RULE: Two customizers implemented as Lambdas will match on equals/hashCode if and only if they use the same Lambda instance and do not require any variable defined outside its closure.
|
To clarify the above rule we will look at a few examples.
In the following example, the customizer is defined as an inline Lambda which means that each call to sendUser
uses the same Lambda instance. Additionally, it requires no variable outside its closure. Therefore, it will match as a cache key.
void sendUser() {
var user = randomUser();
template.newMessage(user)
.withTopic("user-topic")
.withProducerCustomizer((b) -> b.producerName("user"))
.send();
}
In this next case, the customizer is defined as an inline Lambda which means that each call to sendUser
uses the same Lambda instance. However, it requires a variable outside its closure. Therefore, it will not match as a cache key.
void sendUser() {
var user = randomUser();
var name = randomName();
template.newMessage(user)
.withTopic("user-topic")
.withProducerCustomizer((b) -> b.producerName(name))
.send();
}
In this final example, the customizer is defined as an inline Lambda which means that each call to sendUser
uses the same Lambda instance.

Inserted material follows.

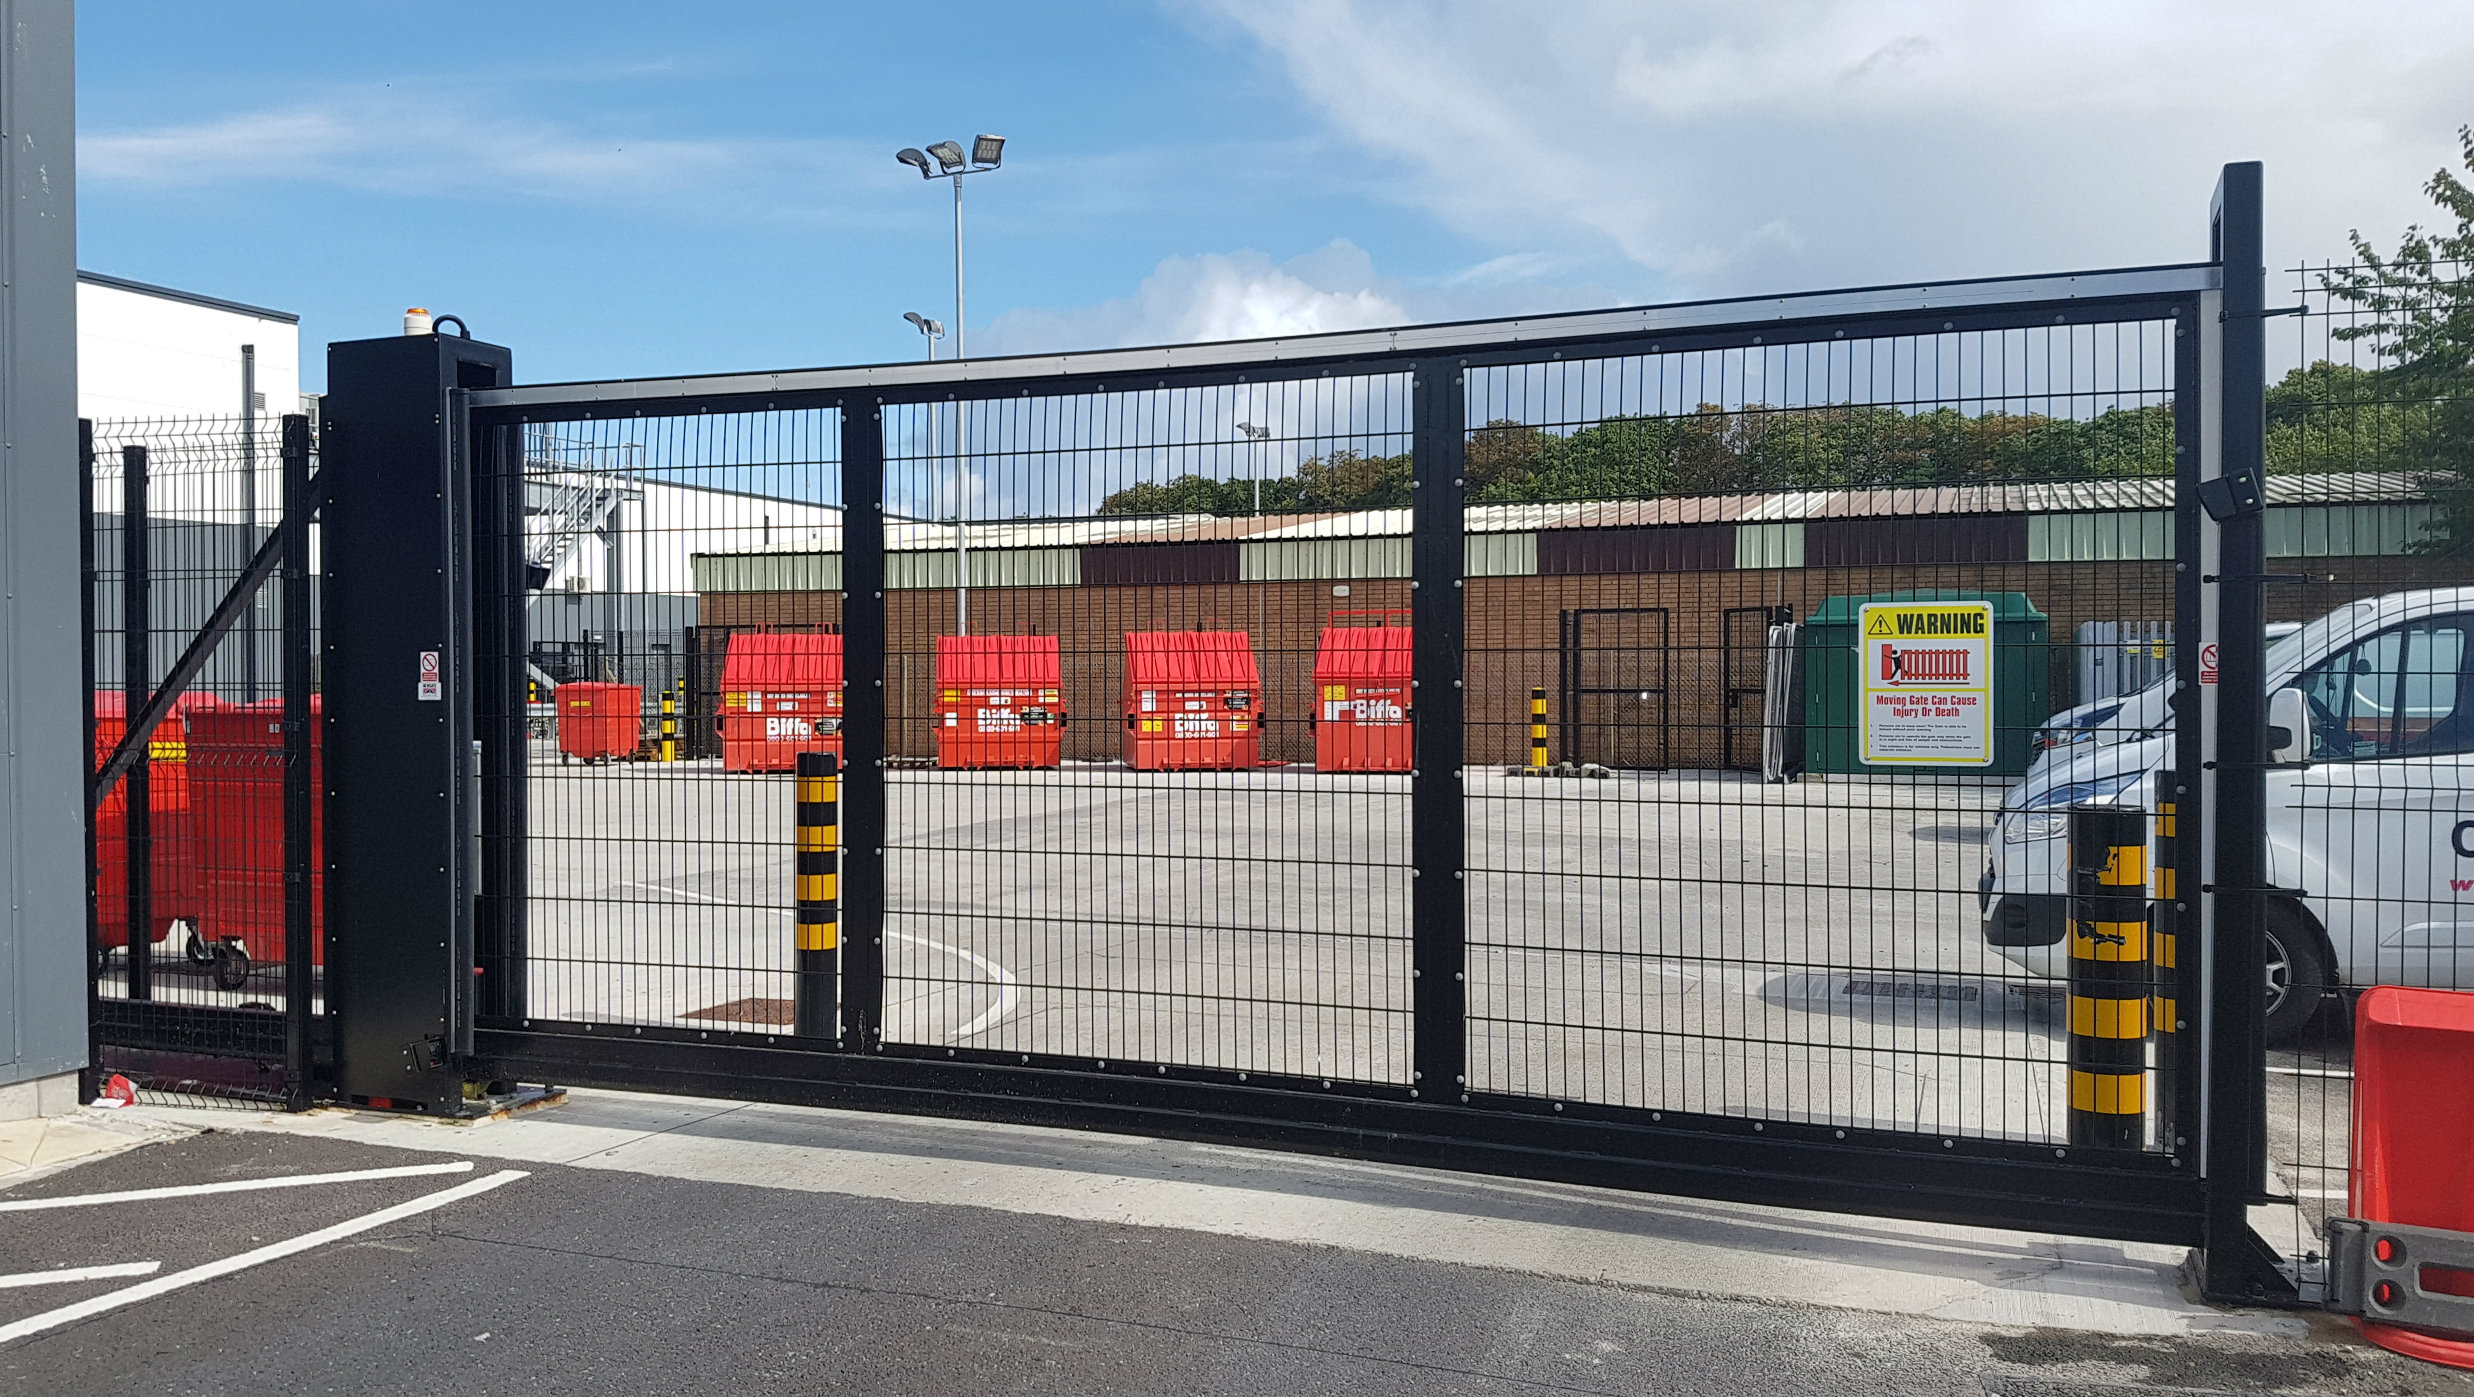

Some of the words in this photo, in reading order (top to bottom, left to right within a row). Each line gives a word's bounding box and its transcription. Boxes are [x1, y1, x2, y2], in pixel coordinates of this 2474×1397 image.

While it does use a variable name, it does not originate outside its closure and therefore will match as a cache key.
This illustrates that variables can be used within the Lambda closure and can even make calls to static methods.
void sendUser() {
var user = randomUser();
template.newMessage(user)
.withTopic("user-topic")
.withProducerCustomizer((b) -> {
var name = SomeHelper.someStaticMethod();
b.producerName(name);
})
.send();
}
RULE: If your Lambda customizer is not defined once and only once (the same instance is used on subsequent calls) OR it requires variable(s) defined outside its closure then you must provide a customizer implementation with a valid equals/hashCode implementation.
|
If these rules are not followed then the producer cache will always miss and your application performance will be negatively affected. |
5. Intercept Messages on the Producer
Adding a ProducerInterceptor
lets you intercept and mutate messages received by the producer before they are published to the brokers.

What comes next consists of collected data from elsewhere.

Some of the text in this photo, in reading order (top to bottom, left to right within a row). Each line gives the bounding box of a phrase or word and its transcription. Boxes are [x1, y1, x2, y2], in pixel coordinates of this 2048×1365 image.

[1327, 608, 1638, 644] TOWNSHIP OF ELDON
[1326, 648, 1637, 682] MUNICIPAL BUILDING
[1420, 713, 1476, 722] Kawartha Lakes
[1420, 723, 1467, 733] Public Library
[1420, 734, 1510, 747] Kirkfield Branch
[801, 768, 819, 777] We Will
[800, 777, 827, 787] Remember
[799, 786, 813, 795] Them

To do so, you can pass a list of interceptors into the PulsarTemplate
constructor.
When using multiple interceptors, the order they are applied in is the order in which they appear in the list.
If you use Spring Boot auto-configuration, you can specify the interceptors as Beans.
They are passed automatically to the PulsarTemplate
.
Ordering of the interceptors is achieved by using the @Order
annotation as follows:
@Bean
@Order(100)
ProducerInterceptor firstInterceptor() {
...
}
@Bean
@Order(200)
ProducerInterceptor secondInterceptor() {
...
}
If you are not using the starter, you will need to configure and register the aforementioned components yourself. |